| TASK STATEMENT |
Extract the records in full, leaving every picture out.

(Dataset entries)
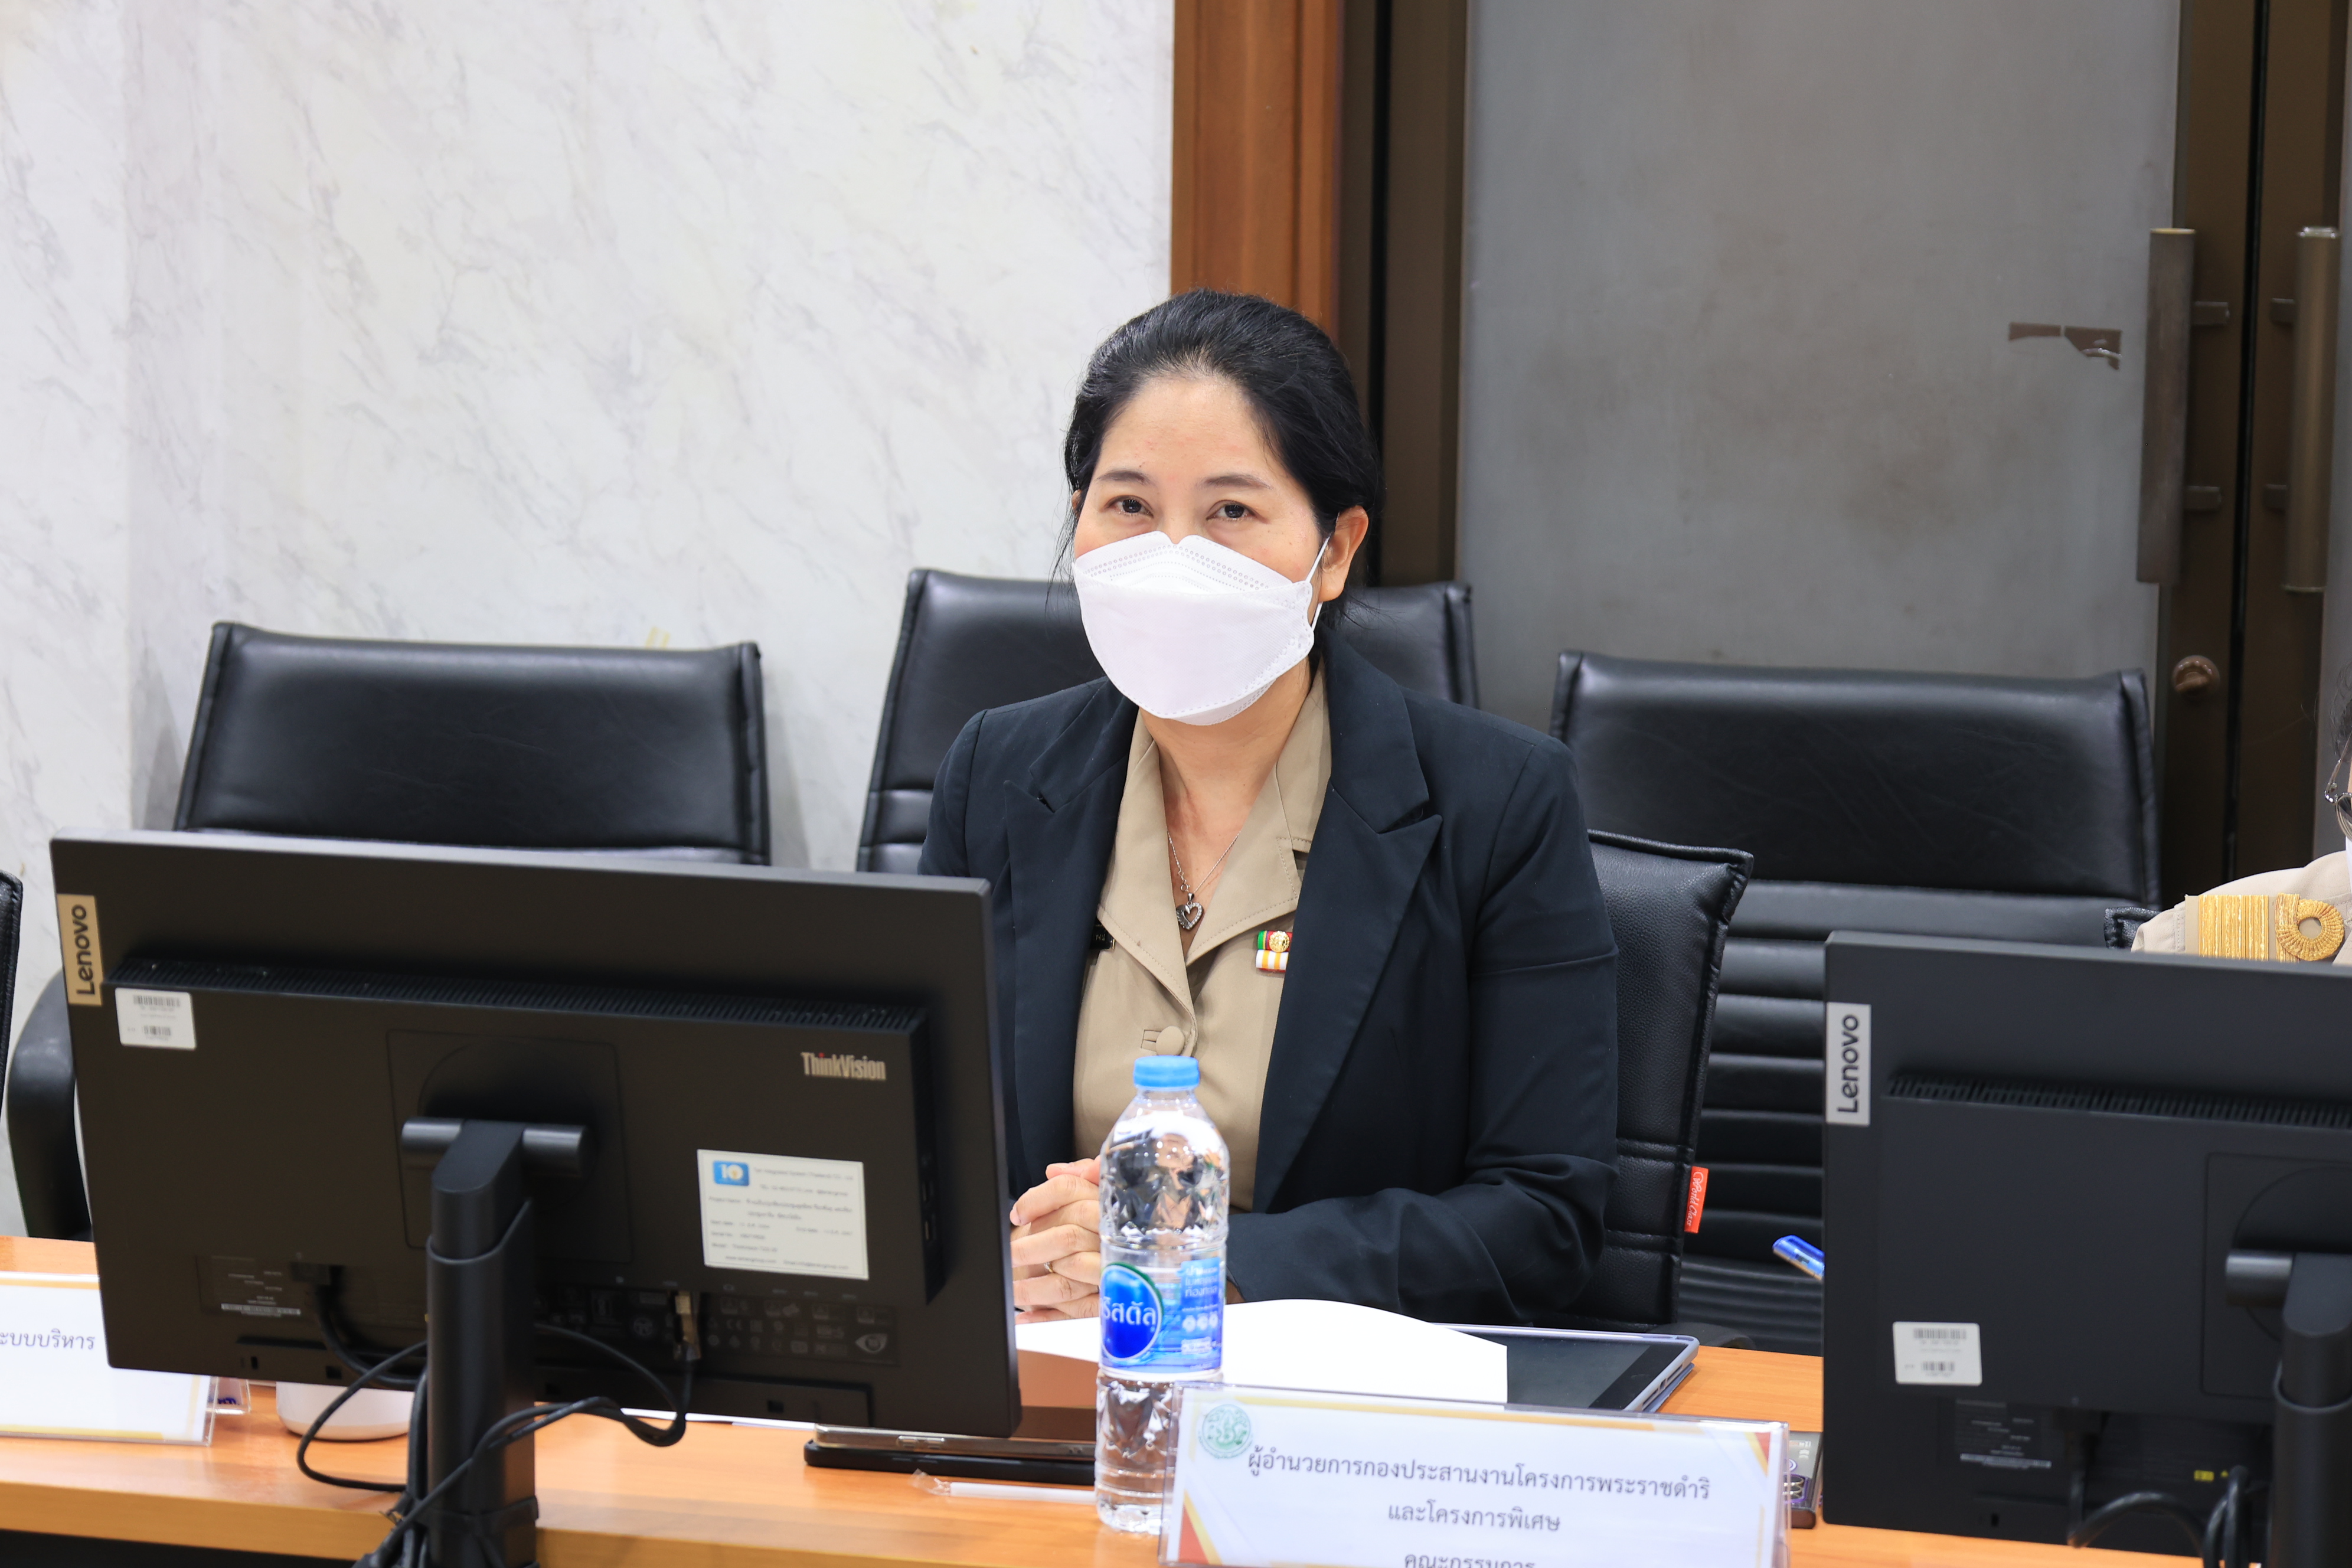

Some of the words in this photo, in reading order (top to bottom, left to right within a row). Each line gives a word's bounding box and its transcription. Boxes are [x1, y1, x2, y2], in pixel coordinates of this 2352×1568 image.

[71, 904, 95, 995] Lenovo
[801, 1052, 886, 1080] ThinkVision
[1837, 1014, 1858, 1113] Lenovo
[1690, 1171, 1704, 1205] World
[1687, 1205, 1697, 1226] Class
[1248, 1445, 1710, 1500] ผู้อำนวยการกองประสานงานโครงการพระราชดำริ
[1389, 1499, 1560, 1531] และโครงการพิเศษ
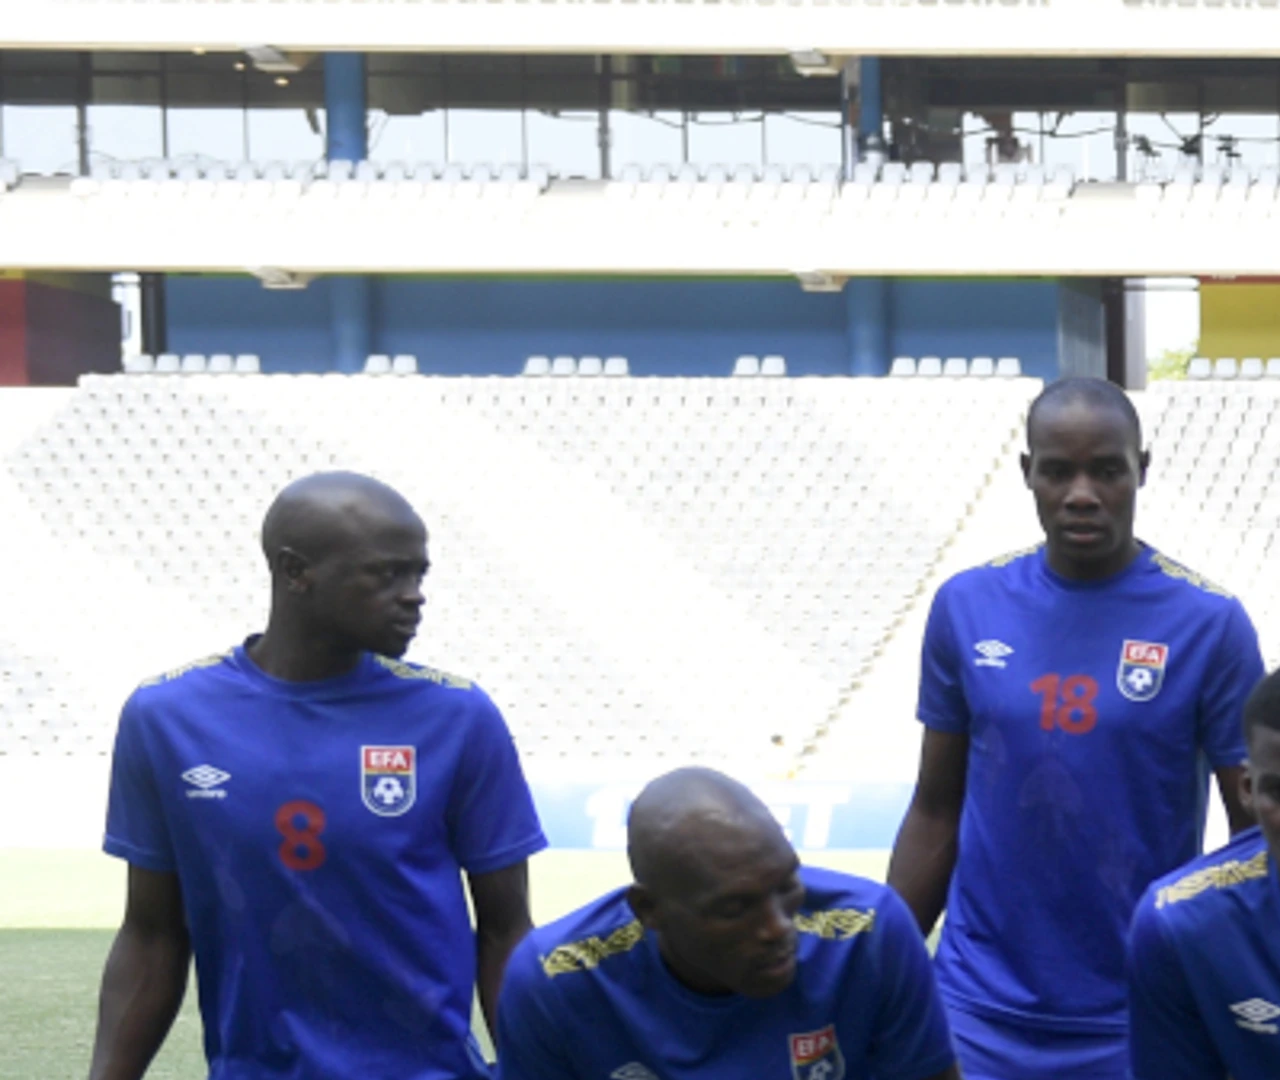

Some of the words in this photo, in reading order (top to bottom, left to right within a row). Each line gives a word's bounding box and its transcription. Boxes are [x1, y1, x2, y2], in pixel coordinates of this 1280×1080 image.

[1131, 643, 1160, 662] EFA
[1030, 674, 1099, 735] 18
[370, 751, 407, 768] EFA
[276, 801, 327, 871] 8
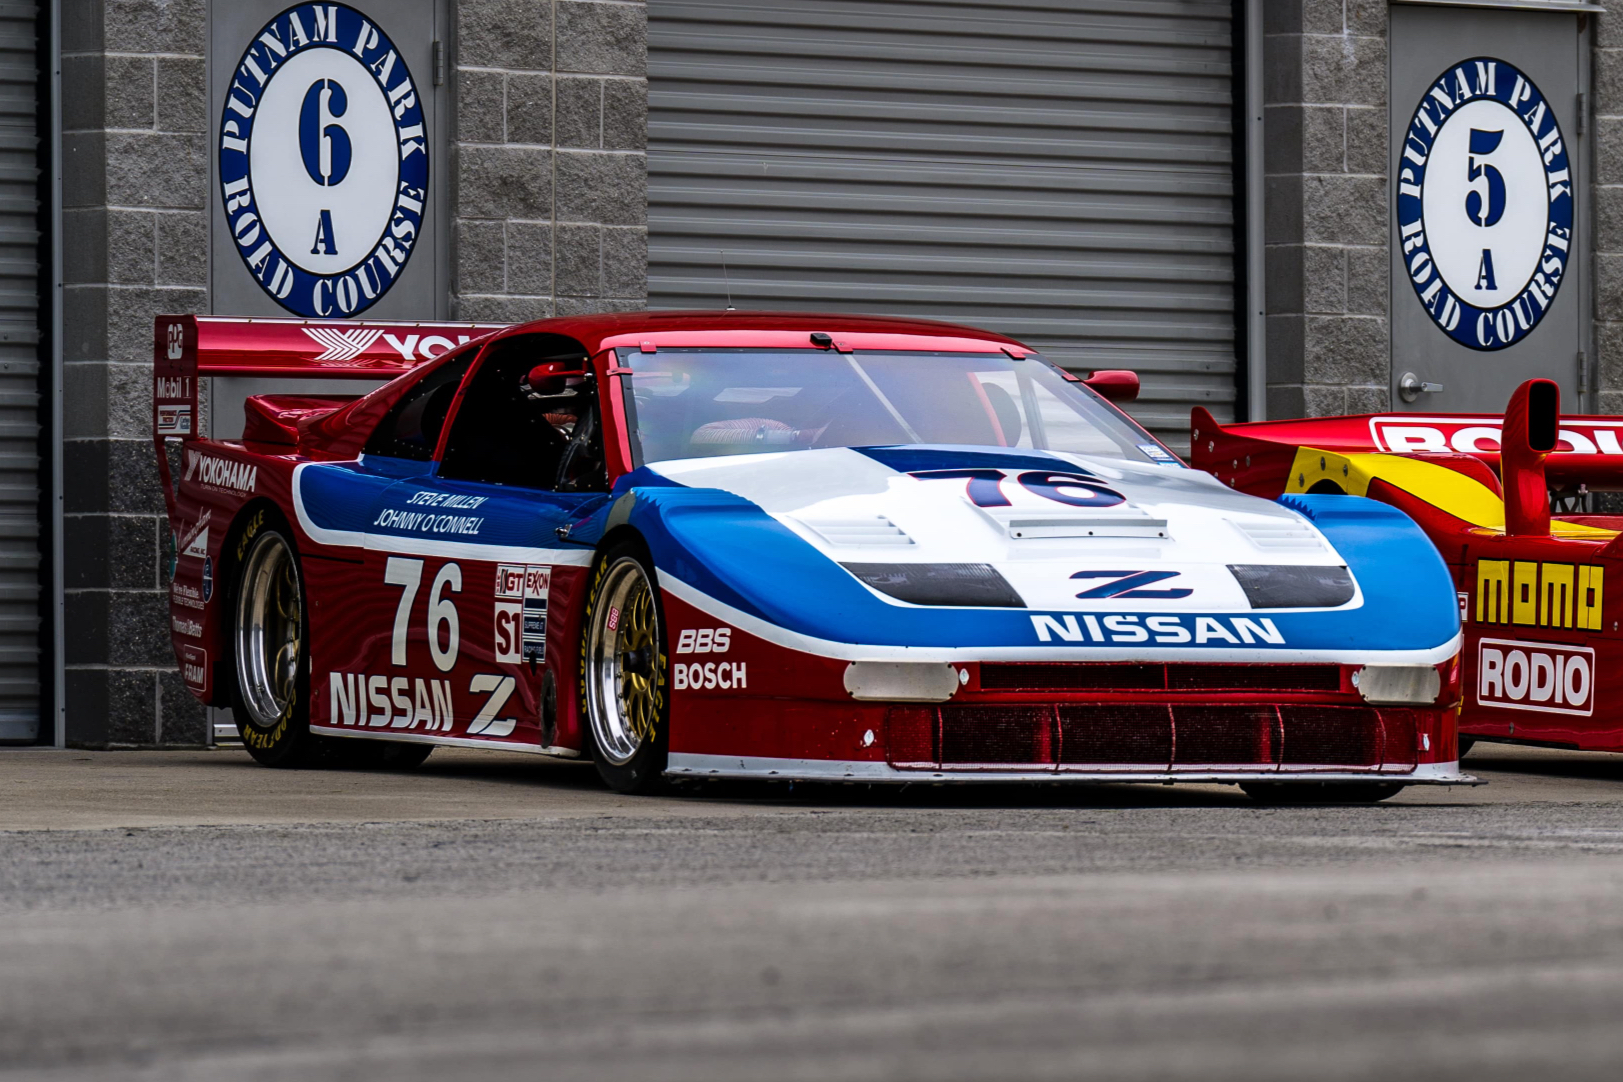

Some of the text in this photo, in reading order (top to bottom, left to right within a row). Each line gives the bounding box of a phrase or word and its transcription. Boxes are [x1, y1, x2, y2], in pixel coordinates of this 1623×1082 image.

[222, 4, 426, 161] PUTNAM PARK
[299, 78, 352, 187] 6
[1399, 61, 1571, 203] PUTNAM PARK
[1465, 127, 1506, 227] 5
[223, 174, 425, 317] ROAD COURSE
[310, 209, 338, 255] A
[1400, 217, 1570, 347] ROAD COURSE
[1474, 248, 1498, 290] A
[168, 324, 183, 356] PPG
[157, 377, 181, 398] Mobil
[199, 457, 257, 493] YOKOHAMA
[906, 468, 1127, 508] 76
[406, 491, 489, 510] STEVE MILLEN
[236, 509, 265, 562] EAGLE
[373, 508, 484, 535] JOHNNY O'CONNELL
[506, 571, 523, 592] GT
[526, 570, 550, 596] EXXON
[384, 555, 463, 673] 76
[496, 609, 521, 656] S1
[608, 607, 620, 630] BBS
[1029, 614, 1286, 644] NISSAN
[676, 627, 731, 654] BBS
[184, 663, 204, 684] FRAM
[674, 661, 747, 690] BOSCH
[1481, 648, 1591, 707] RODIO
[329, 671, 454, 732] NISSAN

| RESULT OF THIS EXERCISE |
Some of the words in this photo, in reading order (top to bottom, left to right within a row). Each line gives a word's bounding box and its transcription. Boxes are [x1, y1, x2, y2], in pixel coordinates of this 2352×1568 image.

[71, 904, 95, 995] Lenovo
[801, 1052, 886, 1080] ThinkVision
[1837, 1014, 1858, 1113] Lenovo
[1690, 1171, 1704, 1205] World
[1687, 1205, 1697, 1226] Class
[1248, 1445, 1710, 1500] ผู้อำนวยการกองประสานงานโครงการพระราชดำริ
[1389, 1499, 1560, 1531] และโครงการพิเศษ

Some of the words in this photo, in reading order (top to bottom, left to right within a row). Each line gives a word's bounding box and its transcription. Boxes are [x1, y1, x2, y2], in pixel coordinates of this 1280×1080 image.

[1131, 643, 1160, 662] EFA
[1030, 674, 1099, 735] 18
[370, 751, 407, 768] EFA
[276, 801, 327, 871] 8

Some of the text in this photo, in reading order (top to bottom, left to right within a row). Each line gives the bounding box of a phrase or word and its transcription. Boxes are [x1, y1, x2, y2], in pixel coordinates of this 1623×1082 image.

[222, 4, 426, 161] PUTNAM PARK
[299, 78, 352, 187] 6
[1399, 61, 1571, 203] PUTNAM PARK
[1465, 127, 1506, 227] 5
[223, 174, 425, 317] ROAD COURSE
[310, 209, 338, 255] A
[1400, 217, 1570, 347] ROAD COURSE
[1474, 248, 1498, 290] A
[168, 324, 183, 356] PPG
[157, 377, 181, 398] Mobil
[199, 457, 257, 493] YOKOHAMA
[906, 468, 1127, 508] 76
[406, 491, 489, 510] STEVE MILLEN
[236, 509, 265, 562] EAGLE
[373, 508, 484, 535] JOHNNY O'CONNELL
[506, 571, 523, 592] GT
[526, 570, 550, 596] EXXON
[384, 555, 463, 673] 76
[496, 609, 521, 656] S1
[608, 607, 620, 630] BBS
[1029, 614, 1286, 644] NISSAN
[676, 627, 731, 654] BBS
[184, 663, 204, 684] FRAM
[674, 661, 747, 690] BOSCH
[1481, 648, 1591, 707] RODIO
[329, 671, 454, 732] NISSAN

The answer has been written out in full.